(Data listing begins)

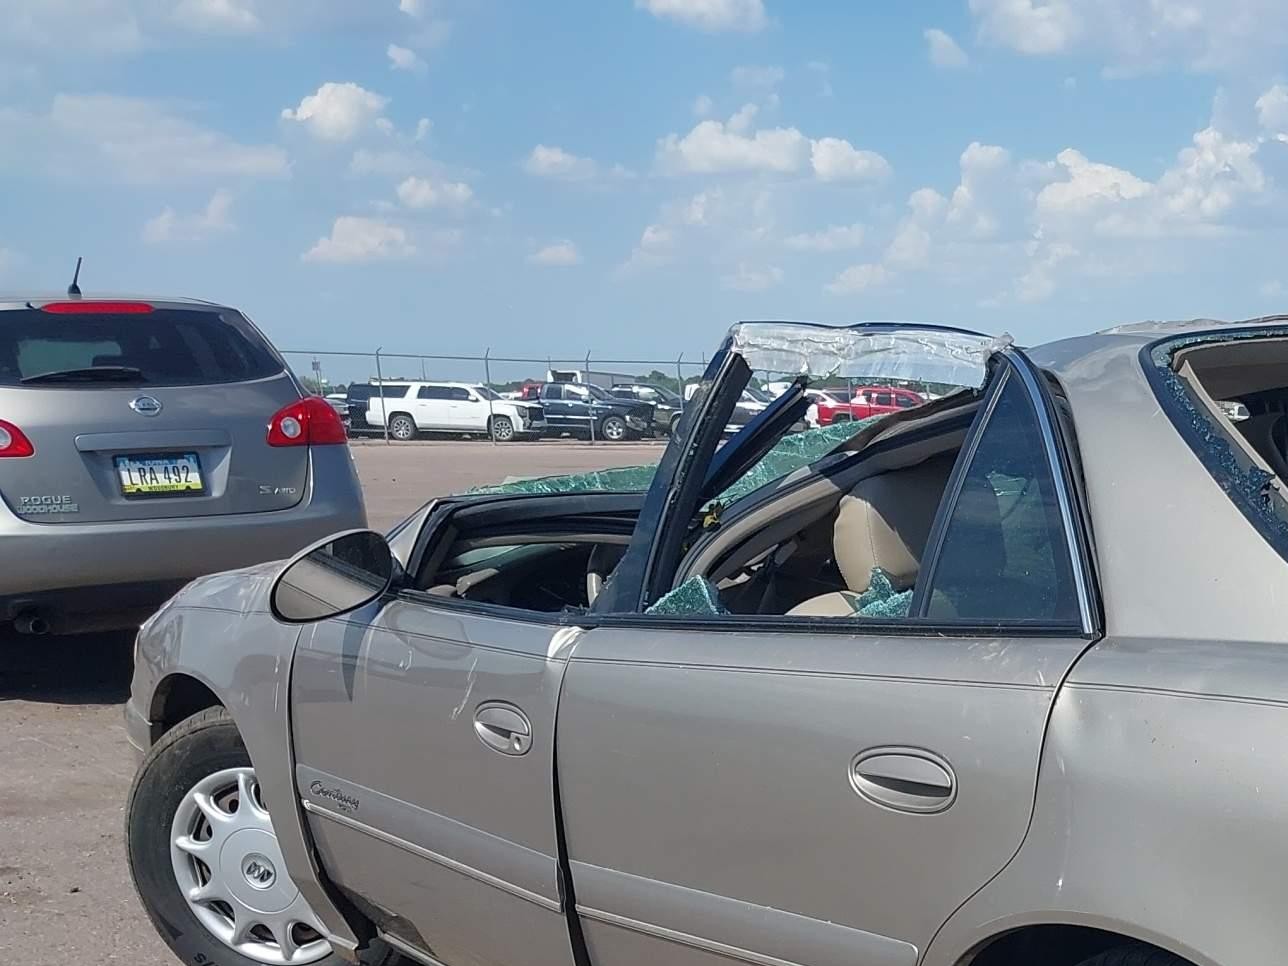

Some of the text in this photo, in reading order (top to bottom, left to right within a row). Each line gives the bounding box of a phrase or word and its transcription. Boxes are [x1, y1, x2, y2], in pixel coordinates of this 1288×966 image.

[127, 465, 192, 486] LRA 492
[20, 495, 72, 505] ROGUE
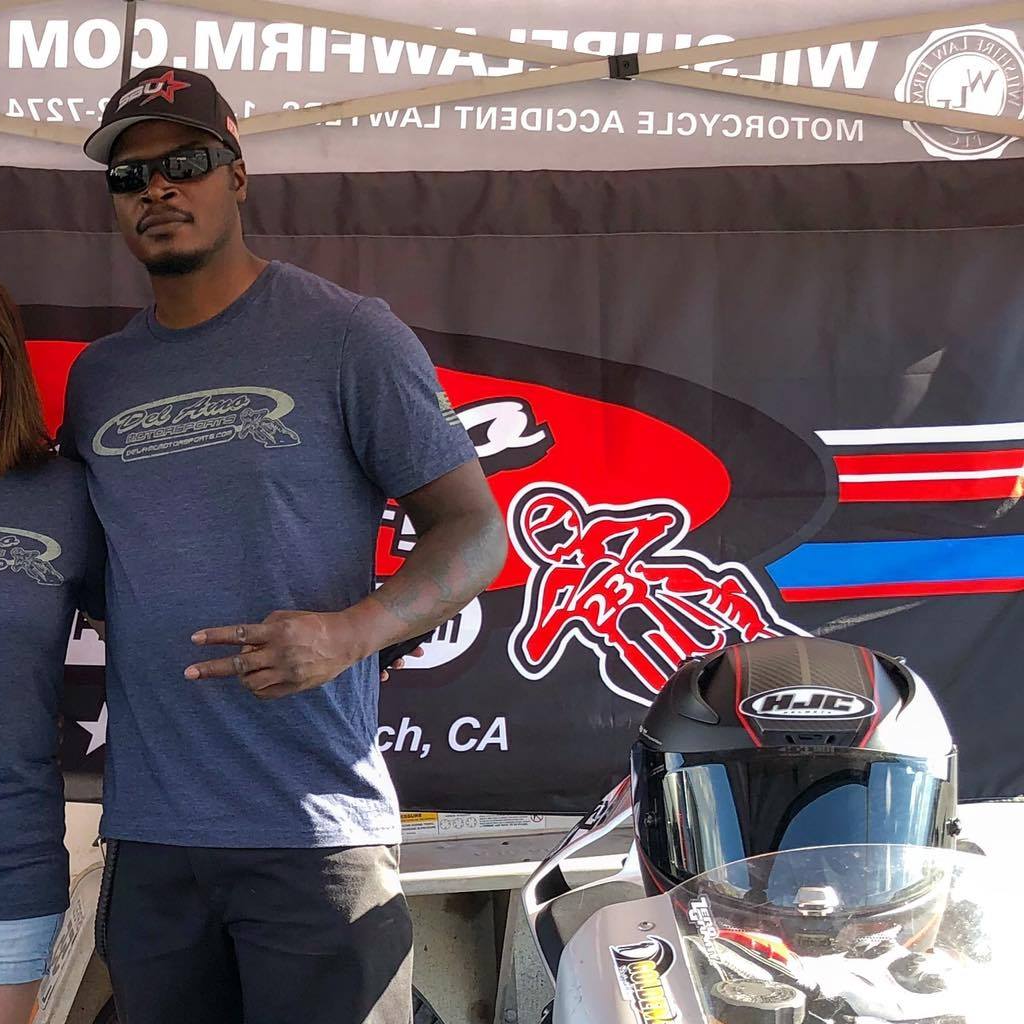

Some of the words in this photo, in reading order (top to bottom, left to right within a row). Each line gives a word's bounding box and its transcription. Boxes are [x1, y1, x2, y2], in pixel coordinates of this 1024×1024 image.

[116, 405, 174, 434] Del
[172, 395, 251, 424] Amo
[585, 573, 637, 625] 23
[760, 693, 855, 712] HJC
[448, 716, 510, 752] CA
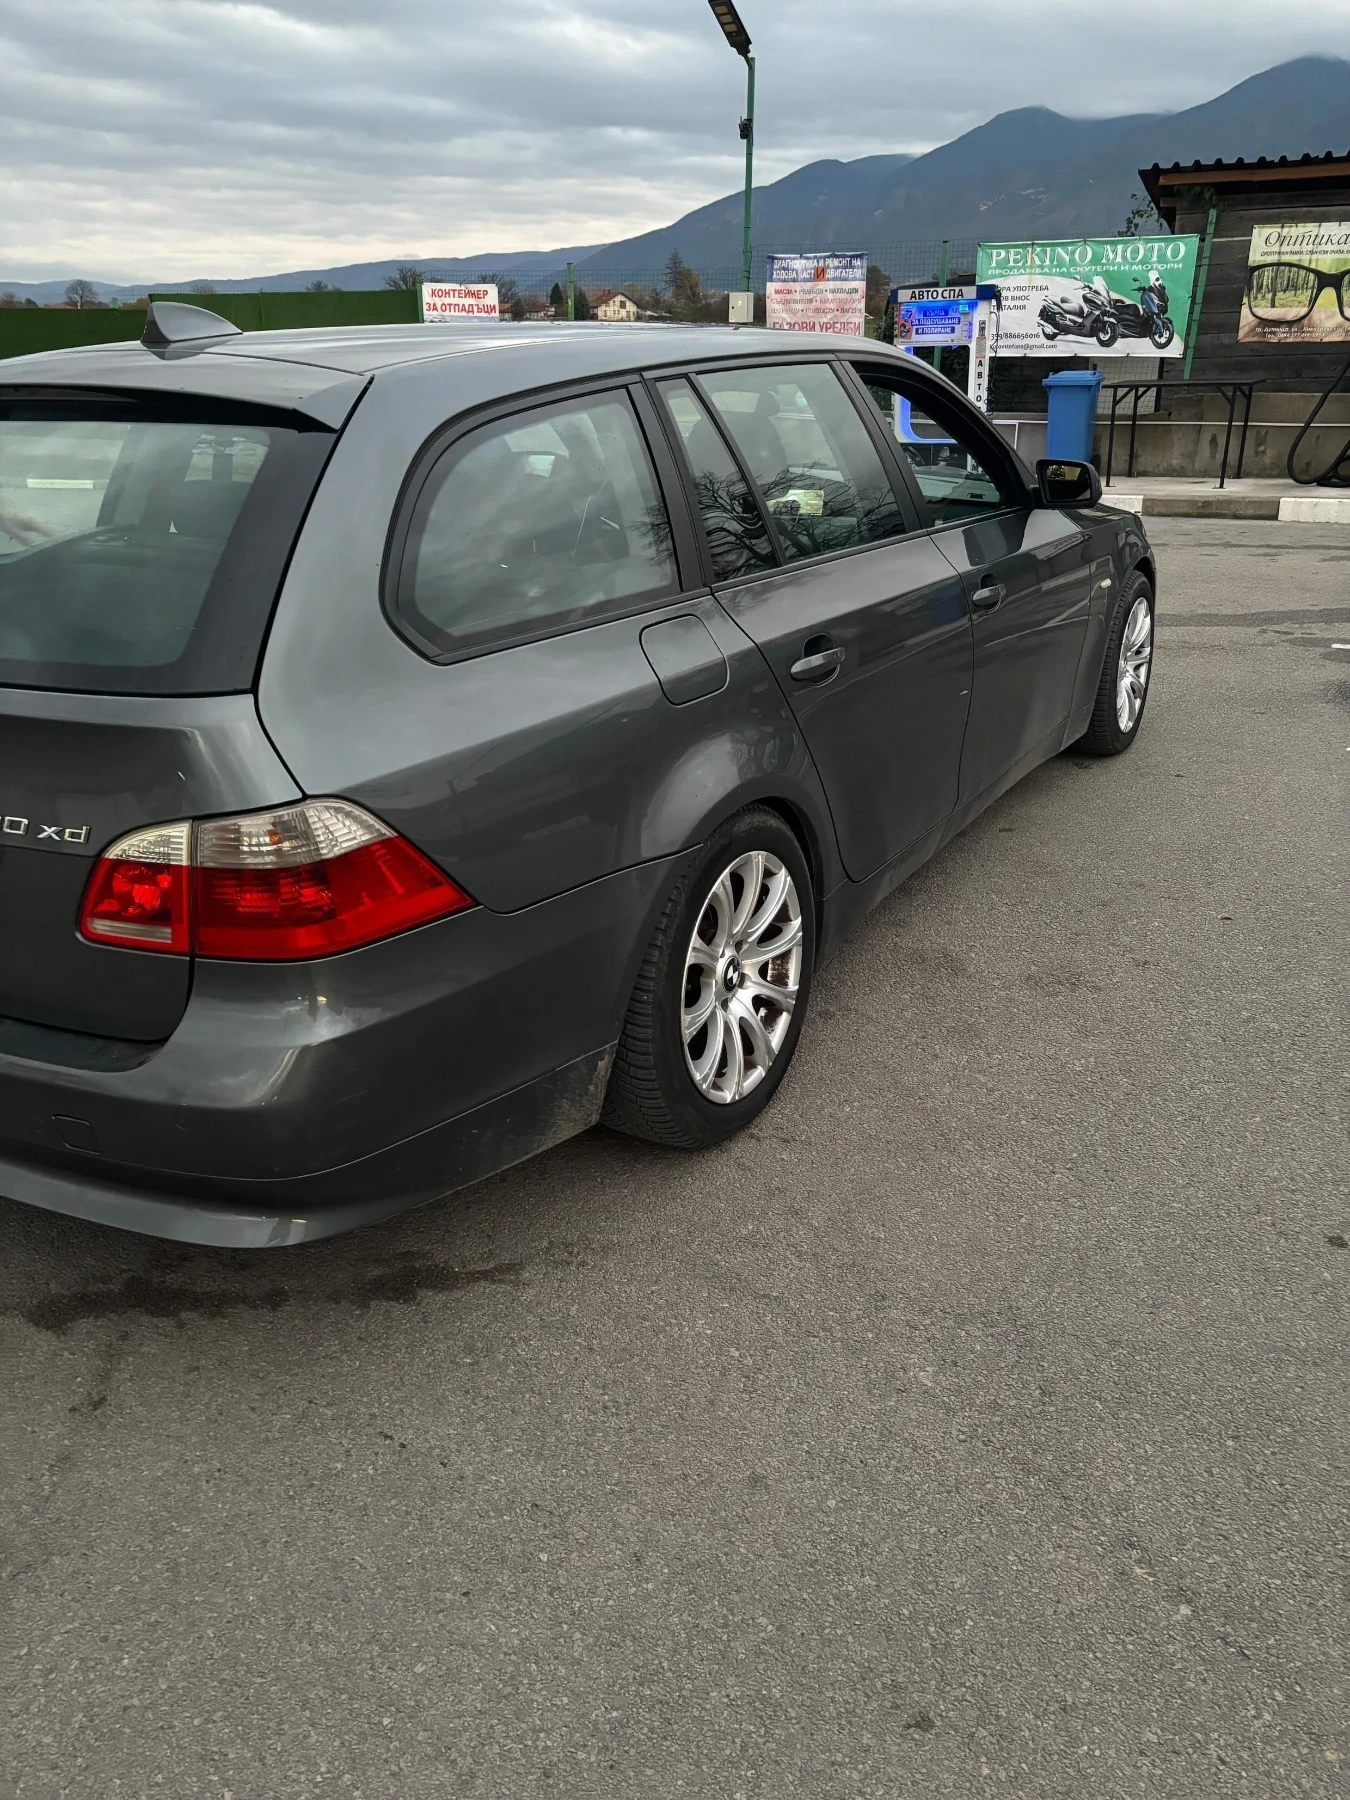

(Data listing ends)

◆ Exercise goal ◆
Transcribe the records above exactly, skipping pictures.

◆ Written answer ◆
Some of the text in this photo, in reading order (top to bottom, left to right within a row). Each line gives the bounding box of a phrase or word and its transcription. Boxes are [x1, y1, x2, y2], in pixel coordinates of this 1288×966 image.

[127, 465, 192, 486] LRA 492
[20, 495, 72, 505] ROGUE

Some of the words in this photo, in reading order (top to bottom, left to right within a row). Each line gives a word's bounding box and its transcription. Boxes are [x1, y1, x2, y2], in pixel coordinates of this 1024×1024 image.

[116, 405, 174, 434] Del
[172, 395, 251, 424] Amo
[585, 573, 637, 625] 23
[760, 693, 855, 712] HJC
[448, 716, 510, 752] CA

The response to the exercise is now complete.